身体はスッカリ良くなったが、脳の方はそうでは無いらしい。
俺はしばらく、その理由がなんなのか分からなかった。
依頼は無事達成した、誰一人死なせなかった。
そもそも、あの大熊を倒せていなければ、俺は今ここにいない。
彼女の心臓を貫いた時の感覚……
生き物を殺したのは初めてじゃ無い。
俺は思い出した。
昨日ナースに自分のキャリアについて相談されたことを。
俺は飛び上がり、脳みそを叩き起こす為に、窓を全開にして、天の光と、恵の風を全身で受け取った。
「顔を洗ってこよう。」
そう独り言を呟いてから、浴場を目指した。
洗面所で顔を洗い、クマの出来た鏡の中の冴えないヤツをじっと見つめる。
「新しい仕事を探さなきゃ。」
俺はパーティーをクビにされた。
だから今日から新しい働き口を見つけなくてはならない。
寝癖を整えて、棺桶運びの仕事を探す為に、リリィのところへ行った。
「あ、おはようございます。アスィールさん。」
彼女はぎこちない挨拶を俺に交わした。
「おはようリリィ。ナースは? 」
「今日、ブレイドさんに、パーティー脱退の申し出をしてくるそうです。」
彼女は俯いてそう答えた。
「昨日はありがとう。」
コレで彼らとの関係も終わり、ナースも無事転職することができるだろう。
「ナースくんのことだが…… 」
朝食を終えたギルド長がこちらにやってくる。
「どうやらここでは、働かないらしい。」
「そりゃまたブレイドたちと顔を合わすのは、苦でしょう? 」
「……やはり難しいか。」
ギルド長の話も間違ってはいない。
ナースが何年冒険者をやって来たかは知らないが、やはり冒険者というだけでバーやパブの店主からは良い返事をいただけ無いだろうし、そうなると、キツい製糸・機織り・装備のクリーニングなどの仕事しか残っていない。

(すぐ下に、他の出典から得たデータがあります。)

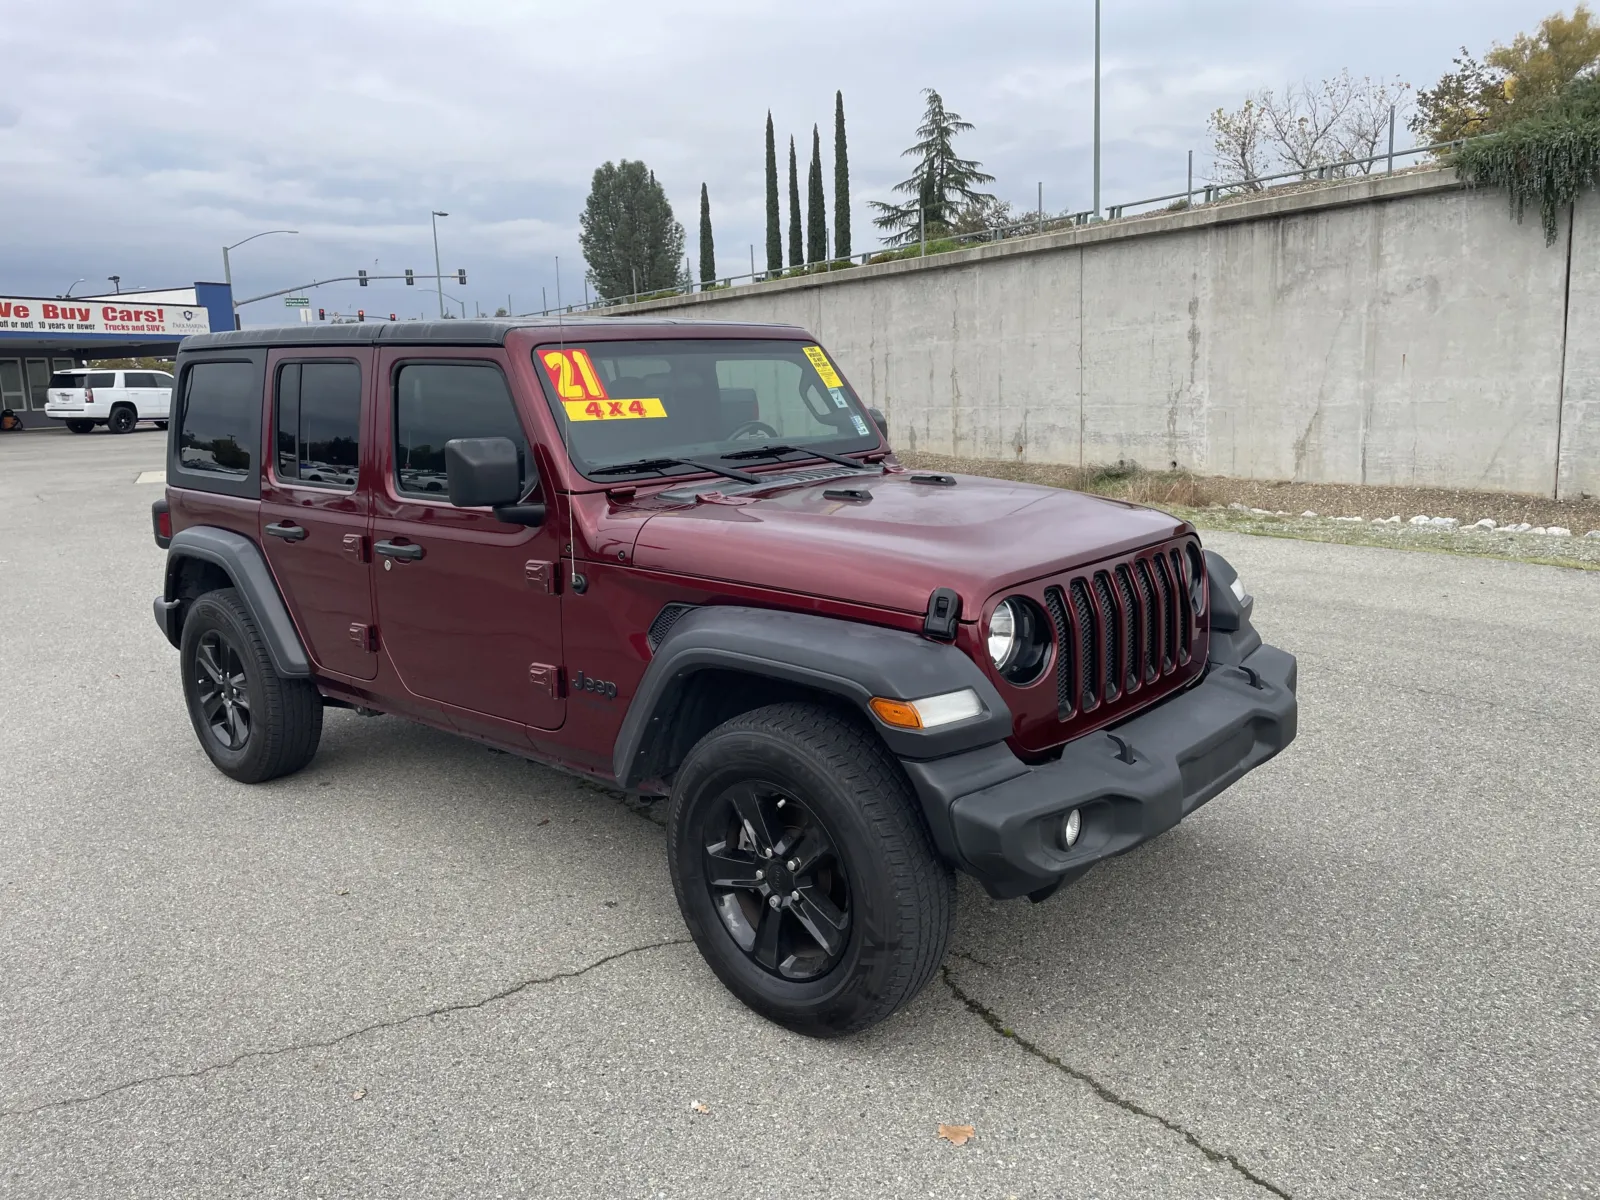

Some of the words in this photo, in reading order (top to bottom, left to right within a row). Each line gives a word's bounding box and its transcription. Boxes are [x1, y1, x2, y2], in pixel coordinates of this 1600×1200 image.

「リリィ。なあ、それはそうとして他のパーティーで棺桶運びの仕事は無いか? 」
薄情だと自分でも思った。
だが、俺も自分たちの生活がある。
昨日会ったばかりの少女に構ってなどいられないのだ。
彼女は我に返り、棺桶運びを募集しているパーティーを探した。
「入るぞ。」
誰かと思えば、昨日俺を解雇したソードダンサー様では無いか。
俺の前に立つと、俺を睨んだ。
「『二度と俺たちの前に現れるな』じゃなかったか? 」
彼が俺の胸ぐらを掴む。
「うちのヒーラを出し抜こうとしたのはお前だろう? 」
出し抜く……か。まぁそんなふうに取られても仕方がない。
「で? なんで俺が? 彼女がパーティーで浮いていたことは分かっていたはずだ。お前はそれに気づいていたにせよ、そうでないにせよ、そのまま放置した。あんな風になるまで、アンタから声を掛けたことがあったのかよ。」
「赤の他人が!! 知った口を。」
俺は宿舎の壁際まで投げ飛ばされる。
「そうだ。なんで会って一日にも満たないお前の話をナースが鵜呑みにするんだ。」
俺は手をパンパン払ってから立ち上がった。
「そういうところだよ。なんで彼女がアンタに相談しなかったか、もう一度聞いてみるんだな。」
彼が我慢しきれず、腰の剣を引き抜いた。
「リーダーってのは命令するだけが仕事じゃない。お前は、自分の言うことを聞く女が欲しかっただけだろう。そんなものパーティーメンバーじゃないさ。お前が認めても俺が認めない。」
彼は剣を鞘にしまうと、今にも殺してしまわんと言う剣幕で俺を睨んだ。
それから、恐る恐る、躊躇いながら、ゆっくり自分の利き手グローブを外すと、俺に向かって投げつける。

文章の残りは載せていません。